MILAN/FRANKFURT: European shares rose on Wednesday as focus remained on a busy day of earnings, with Italian shares outperforming after President Sergio Mattarella looked set to ask former European Central Bank chief Mario Draghi to form a government.
Milan’s FTSE MIB index jumped 2.2%, while Italy’s 10-year bond yield tumbled to its lowest in two weeks as Mattarella summoned Draghi for talks at 1100 GMT after hearing that efforts to salvage the collapsed coalition of Prime Minister Giuseppe Conte had failed.
“The reports that Mario Draghi has been asked to try to form a new government in Italy has unsurprisingly gone down well with investors,” said Jack Allen-Reynolds, senior Europe economist at Capital Economics.

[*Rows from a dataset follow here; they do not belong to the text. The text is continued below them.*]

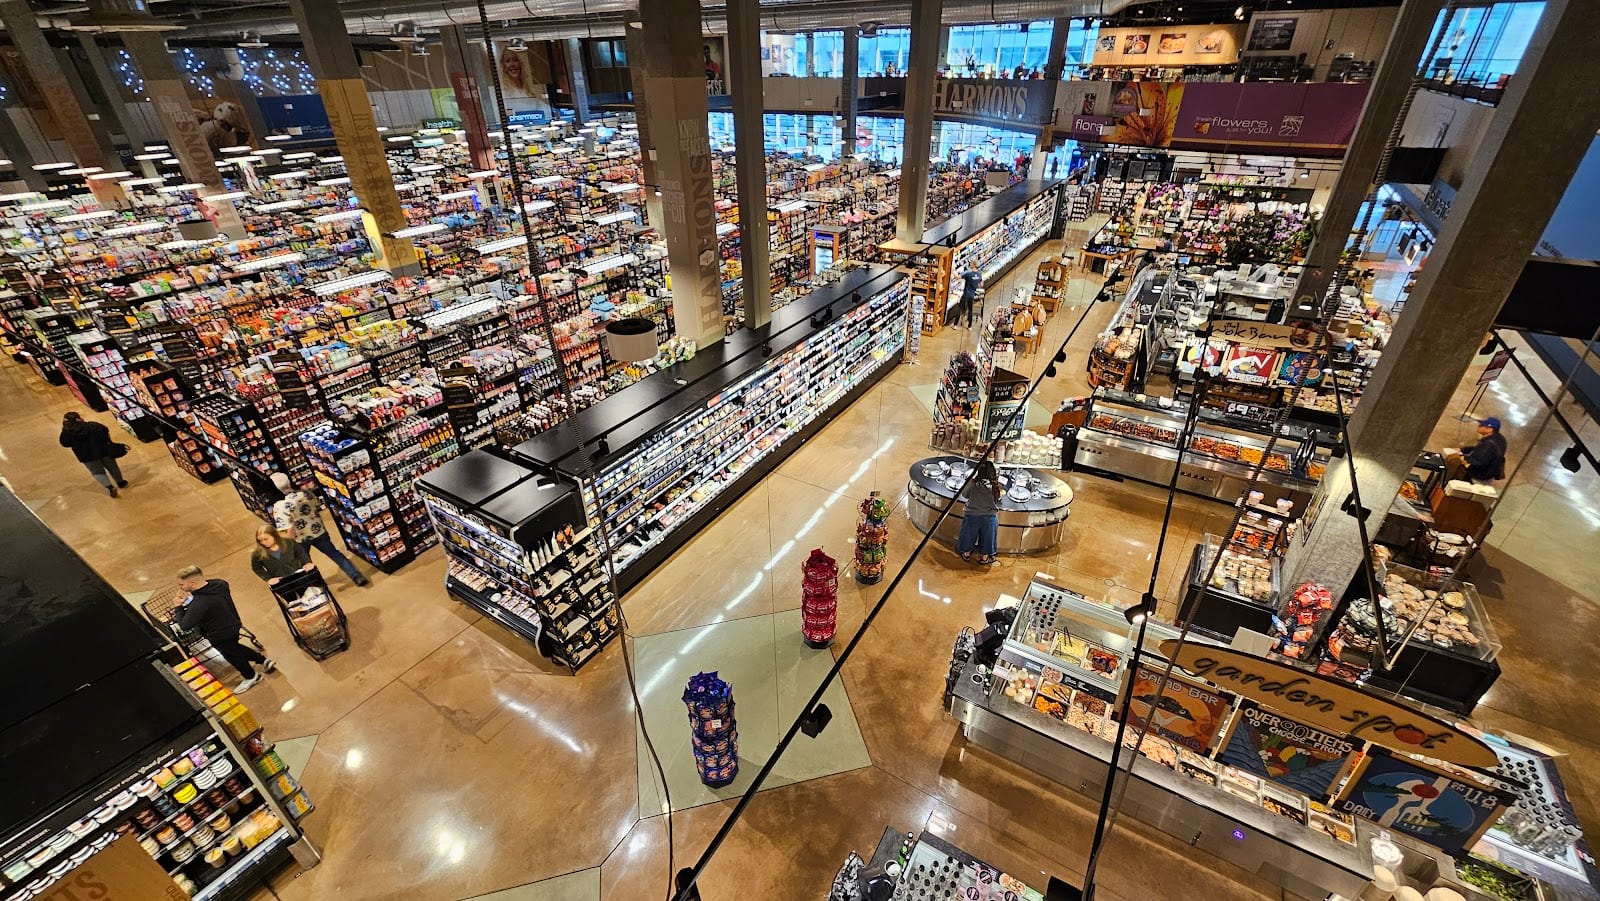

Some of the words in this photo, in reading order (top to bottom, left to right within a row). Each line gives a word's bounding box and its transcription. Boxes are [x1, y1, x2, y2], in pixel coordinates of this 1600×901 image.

[933, 79, 1028, 115] HARMONS
[426, 120, 454, 129] health
[509, 113, 543, 122] pharmacy
[1211, 116, 1269, 129] flowers
[1247, 126, 1273, 135] you!
[354, 133, 410, 261] HARMOS
[1210, 322, 1247, 339] Wok
[1139, 670, 1183, 693] SALAD
[1188, 687, 1220, 706] BAR
[1174, 655, 1334, 713] garden
[1244, 707, 1281, 728] OVER
[1280, 720, 1310, 738] 90
[1308, 729, 1354, 753] ITEMS
[1248, 718, 1261, 727] TO
[1268, 726, 1307, 745] CHOOSE
[1313, 742, 1343, 756] FROM
[1342, 800, 1378, 820] DAILY

The STOXX 600 index rose 0.7% for the third straight day, with Novo Nordisk A/S jumping 4.2% after the diabetes drug maker gave upbeat sales and profit forecasts for 2021.
Siemens AG rose 1.7% as the German engineering company raised its 2021 outlook after beating first-quarter expectations on a faster-than-anticipated recovery from the COVID-19 downturn in China and Germany.
Publicis Groupe SA rose 6.2% after the world’s third-biggest advertising group, beat market expectations for fourth-quarter organic growth thanks to its data company Epsilon.